Our data at the moment suggests that the chances of cure if you combine radiotherapy with chemotherapy are equivalent to the combination of surgery and radiotherapy.
In using the robot to get that pathological information we can also potentially put Brad into a high risk group - hopefully that's not the case but if it was we would then be able to offer him triple-modality therapy which would involve surgery followed by radiotherapy and concurrent chemotherapy with the radiotherapy.
So, at the moment if he was to have radiotherapy it would be a fairly 'cookie-cutter' approach to that, that he would receive as a standard treatment receive radiotherapy combined with chemotherapy.
What we'd like to do in Brad's case is to individualise his treatment and risk-stratify the most appropriate treatment approach.
We still have a long way to go to optimise personal medicine, and HPV has been a very important bio-marker because of its better prognosis.
We still haven't really determined in an individual what the bio-markers are that mean that we can de-intensify their treatment, but we've got a number of standard pathological features that we could use to determine if someone falls into a low, intermediate or high-risk group.
CAROL DUNCAN: How confident do you feel about attempting this surgery using the Da Vinci robot?
We haven't done very many operations this way so there's always a degree of trepidation when you're embarking on something that you haven't done a hundred times but in the cases that we've done so far we've found that the robot gives you excellent visualisation of the area, much better than using traditional approaches.
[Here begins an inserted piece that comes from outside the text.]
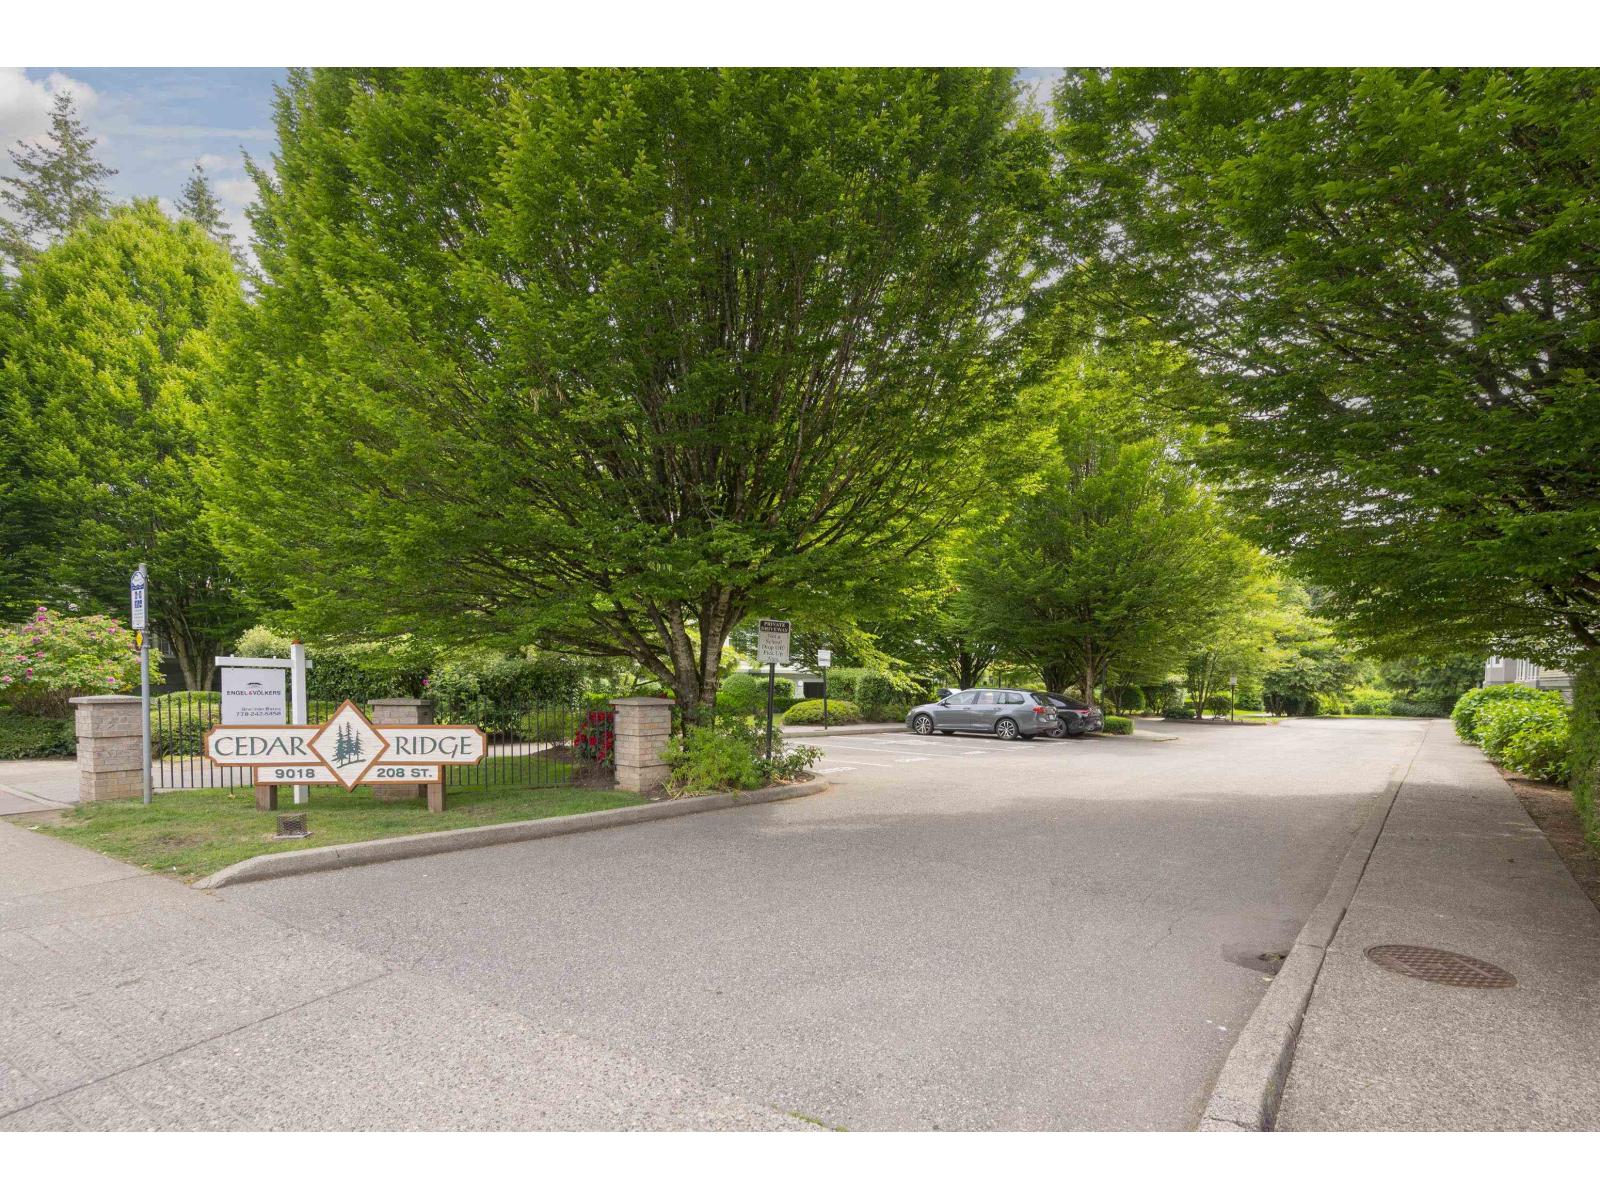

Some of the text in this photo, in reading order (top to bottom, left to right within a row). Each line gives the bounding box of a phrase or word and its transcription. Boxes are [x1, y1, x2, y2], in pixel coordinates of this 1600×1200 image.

[214, 735, 473, 759] CEDAR RIDGE
[274, 767, 433, 779] 9018 208 ST.
The arms of the robot enable us to distract and pull tissue in ways that we're not able to do with approaches using trans-oral laser surgery, so that combination of better visualisation and being able to move the arms in free space that we were not able to do previously means that we've got a greater degree of confidence in tackling these types of tumours.
CAROL DUNCAN: What are you expecting with Brad's surgery?
There's two components to the operation. The first part is the removal of the tumour from the back of the tongue.
We're expecting that we'll be removing about one quarter of the base of the tongue area extending on to the tonsil. That operation we'd expect to take about 45 minutes.
We also need to do the second component which is removal of the lymph glands from the left hand side of the neck. We'll do that using the traditional approach of an incision of the neck which we expect to heal very well.
We need to remove the lymph glands from the upper part of the neck and a bit further down but be very careful of a whole host of important structures in that area that are important for movement of his arm and shoulder and for his speech and swallowing.